Fig. 5

Mypt1 maintains motor neuron position.

At the onset of axonogenesis at ~19–20 hp CaP motoneurons in wildtype (A) and mypt1 mutant (B) embryos carrying the mnx1:mKate mnx1:mCD8-mKate transgene are located at the points where motor axons exit from the spinal cord (n = 26/27 CaP in wildtype, and n = 12/12 CaP in mypt1 mutants; arrowheads point to the nascent axons). Time-lapse imaging of CaP motoneurons from the onset of axon initiation at 19 hpf until the axons reached the horizontal myoseptum in mnx1:mCD8-GFP transgenic wildtype (C^1–5) and mypt1 mutant embryos (D^1–5). During the length of the movie (400 min) all wildtype (n = 10/10) and all mutant (n = 25/25) motoneurons retained their position above the spinal cord exit point.
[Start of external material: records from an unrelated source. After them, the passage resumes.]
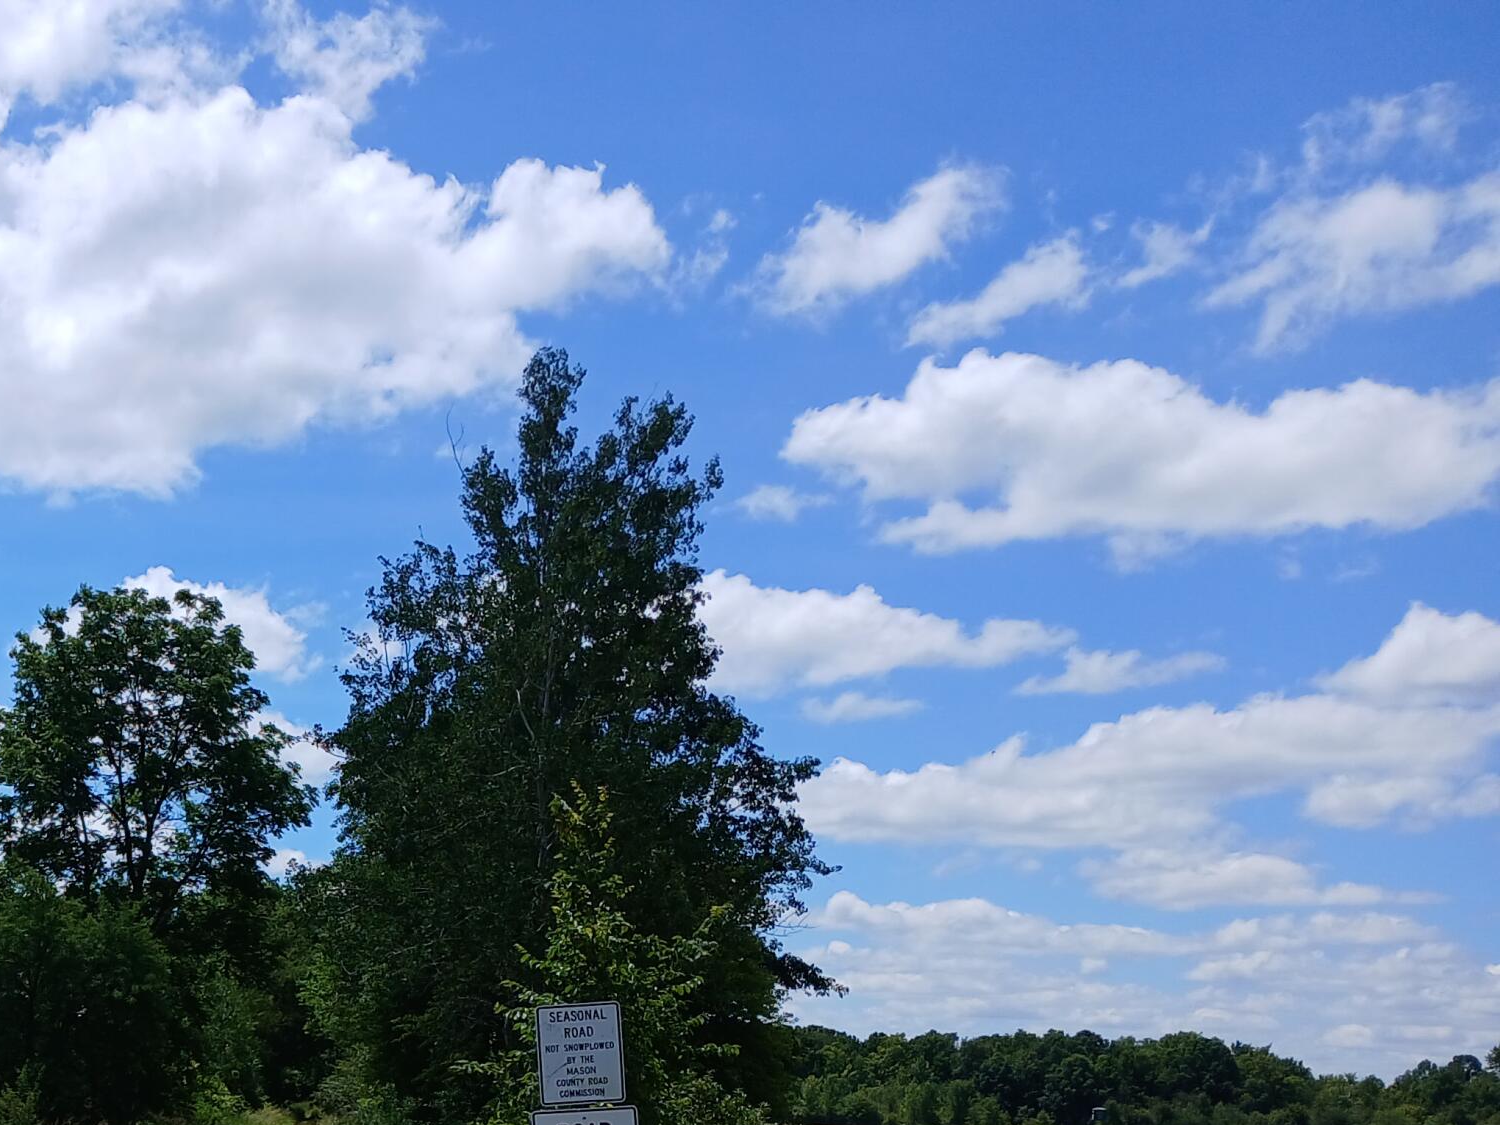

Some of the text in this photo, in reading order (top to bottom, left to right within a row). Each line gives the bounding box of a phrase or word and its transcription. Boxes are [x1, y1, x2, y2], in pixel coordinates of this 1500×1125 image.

[549, 1008, 607, 1023] SEASONAL
[564, 1026, 594, 1039] ROAD
[545, 1041, 614, 1053] NOT SNOWPLOWED
[566, 1055, 595, 1064] BY THE
[566, 1066, 597, 1075] MASON
[556, 1076, 609, 1087] COUNTY ROAD
[559, 1088, 605, 1098] COMMISSION
Time-lapse imaging of CaP motoneurons labeled with mnx1:mKate in mnx1:mCD8-GFP transgenic siblings (E' to E‴) and mypt1 mutant embryos (F' to F‴) after axons have reached the horizontal myoseptum at 21 hpf until axons have reached the ventral extent of the myotome. While 30/31 wildtype CaP motoneuron cell bodies (red arrowhead) stayed precisely above the exit point (white arrow), 32% (n = 7/22) mypt1 mutant motoneuron cell bodies shifted progressively rostrally (p = 0.006, Fisher exact). A stalling mypt1 mutant axon is seen in an adjacent hemisegment (white star in F).